Similarly, it is likely that the four compounds that appear as outliers to the model do so
because the factors that govern their P450 enzyme preference are different to those that the
model accounts for. Hence the ranges in the data (Table VI) are given as a broad indication of
the working domain of the model. Observation of the distribution of the values for the six
descriptors entering the model shows that compounds with extreme values fit the model very
well, whereas the outliers exhibit medium values.
The model was tested with an external set of drug compounds in order to evaluate its
predictive power (Fig. 6). Sixty eight percent of the 51 test drugs could be correctly
classified. This is a reasonably good result considering that classification was between three
categories. As can be seen from Fig. 6, owing to a certain lack of diversity in the test data
some decision nodes of the model could not be tested adequately: for example, none of the
test drugs showed a L3v value in excess of the 1.071 threshold. It is also obvious that
classification for test drugs predominantly metabolised by CYP3A is poor in general. This
means that it was more difficult to identify specific characteristics for “CYP3A-preferring”

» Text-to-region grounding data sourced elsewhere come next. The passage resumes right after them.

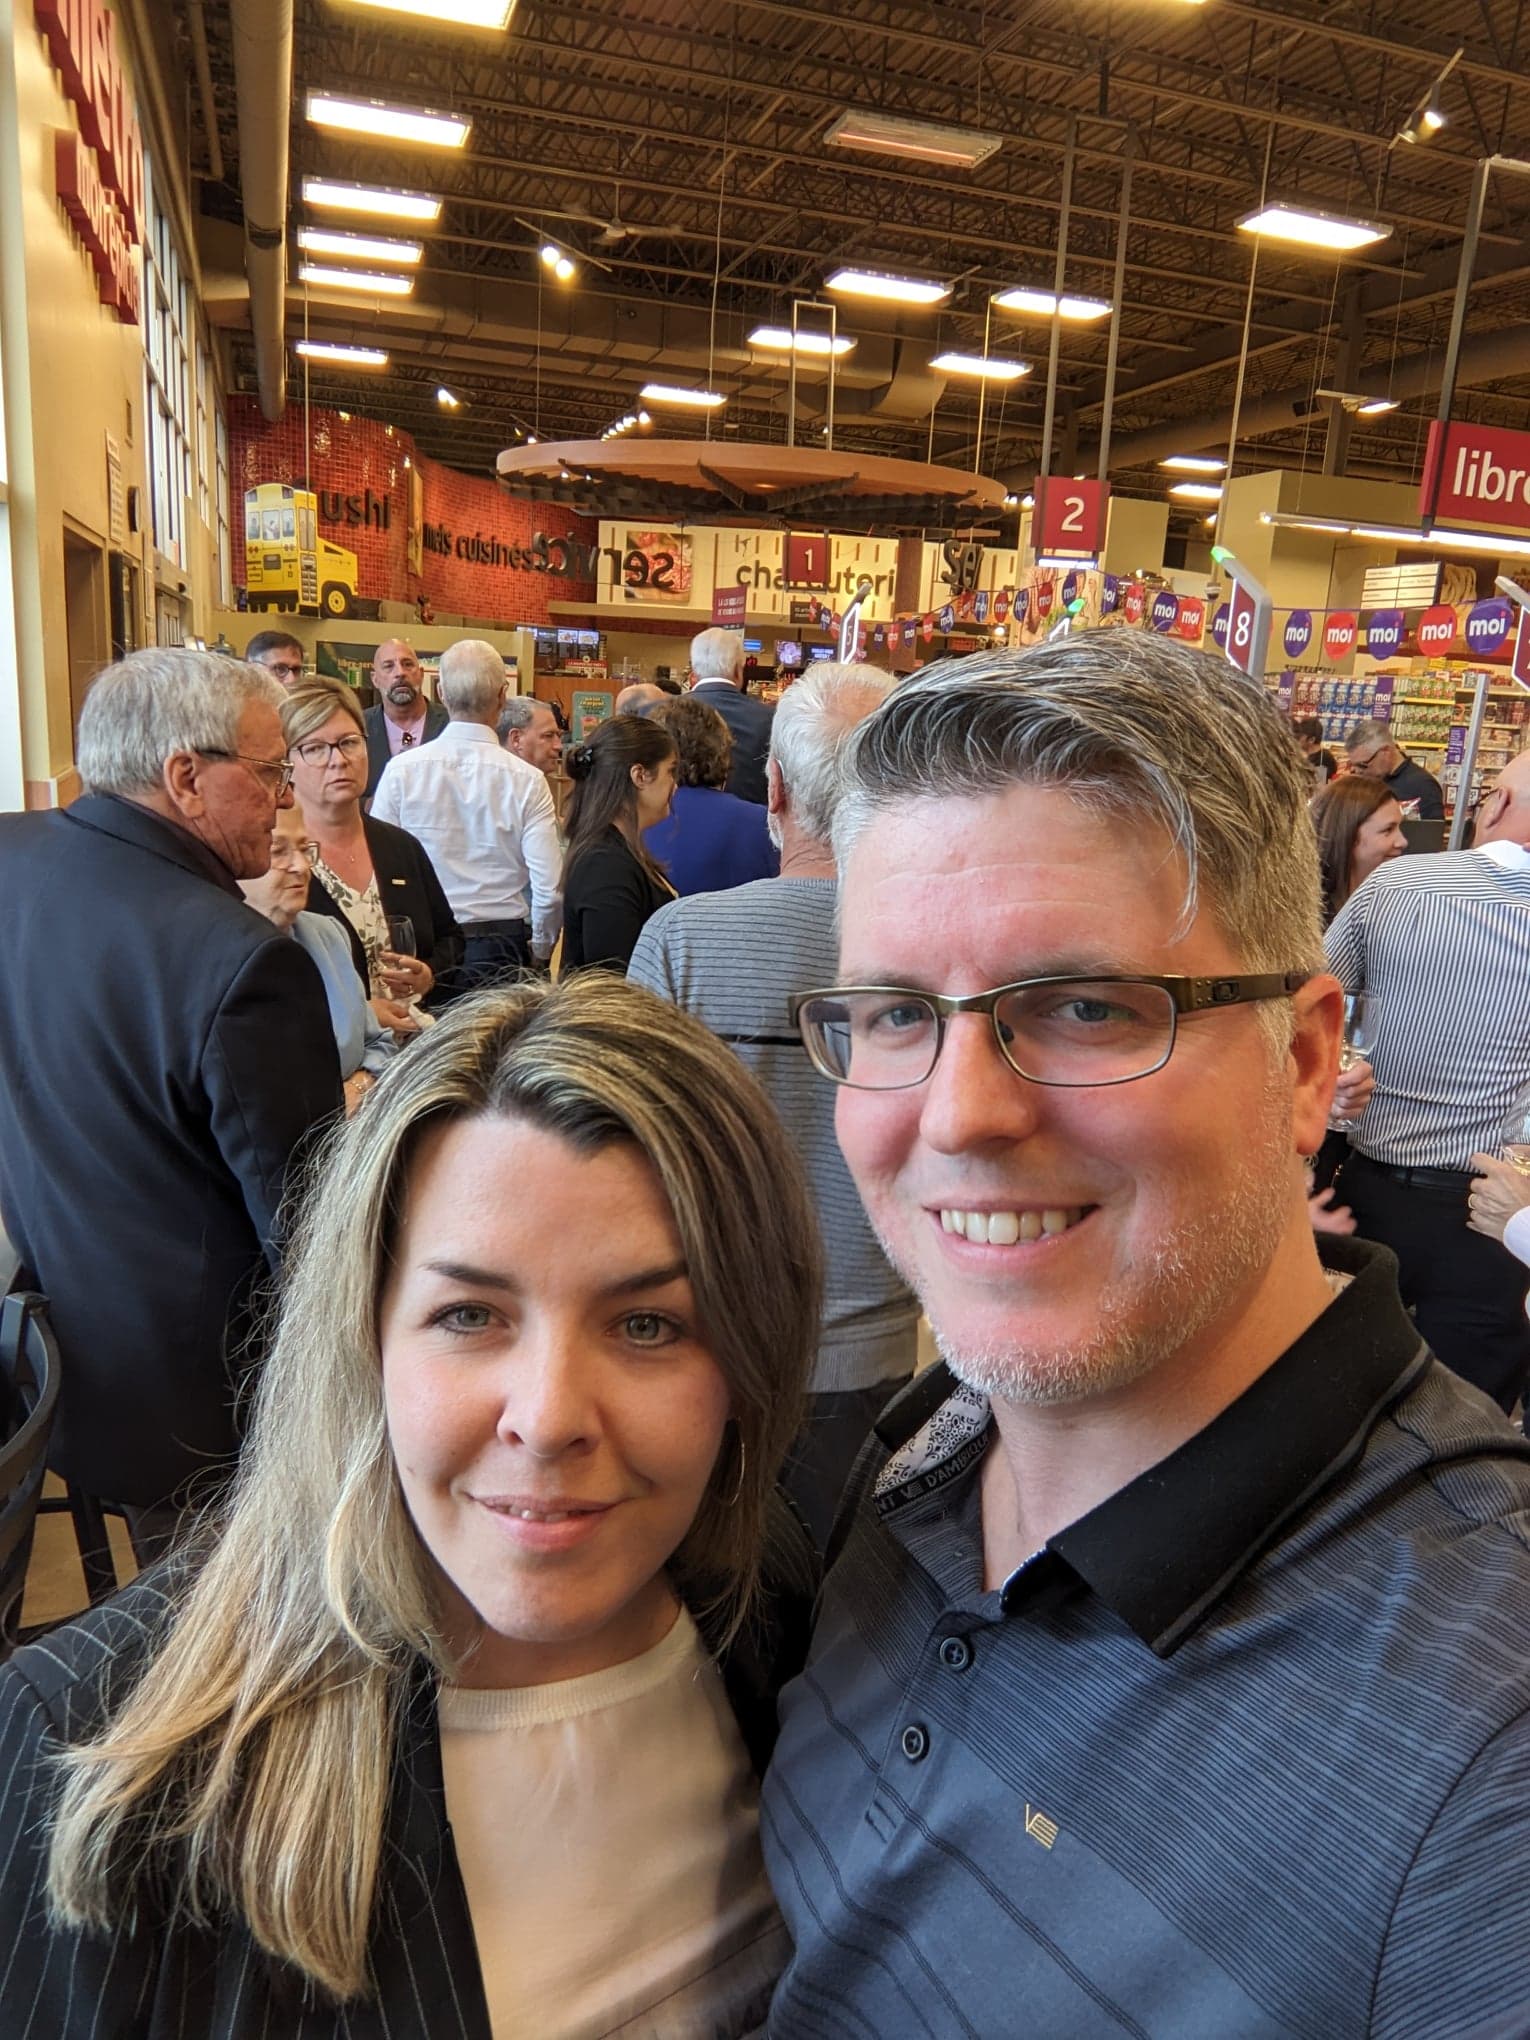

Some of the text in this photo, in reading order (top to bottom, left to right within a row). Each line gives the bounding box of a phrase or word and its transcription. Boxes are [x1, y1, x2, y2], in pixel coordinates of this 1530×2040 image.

[321, 488, 391, 529] ushi
[1061, 497, 1085, 532] 2
[804, 549, 813, 571] 1
[736, 559, 894, 597] chauteri
[1154, 601, 1176, 619] moi
[1182, 609, 1200, 625] moi
[1235, 612, 1250, 646] 8
[1286, 622, 1309, 642] moi
[1327, 624, 1354, 643] moi
[1369, 621, 1399, 643] moi
[1422, 617, 1453, 640] moi
[1469, 610, 1506, 636] moi
[1375, 692, 1391, 702] moi

drugs. This observation falls in line with the fact that CYP3A is a very versatile enzyme, able
to process a very wide range of substrates. However, on the whole, it can be said that the
trends identified in training are respected.
In conclusion, this study shows the feasibility of a simple and transparent model for the
determination of P450 predominance in CYP3A, CYP2D6 and CYP2C9. This is achieved
with the use of the three classes of descriptors: those for lipophilicity, bulk and Broensted
acidity. With a correct classification rate of 94% for the training set and 68% for the test set
the model can be considered as satisfactory. The use of novel and mechanistically relevant
descriptors such as HiN and L3v is also exemplified. These descriptors appear to convey very
useful information with regard to basicity and three-dimensional requirements for CYP2D6
and CYP3A predominance, respectively.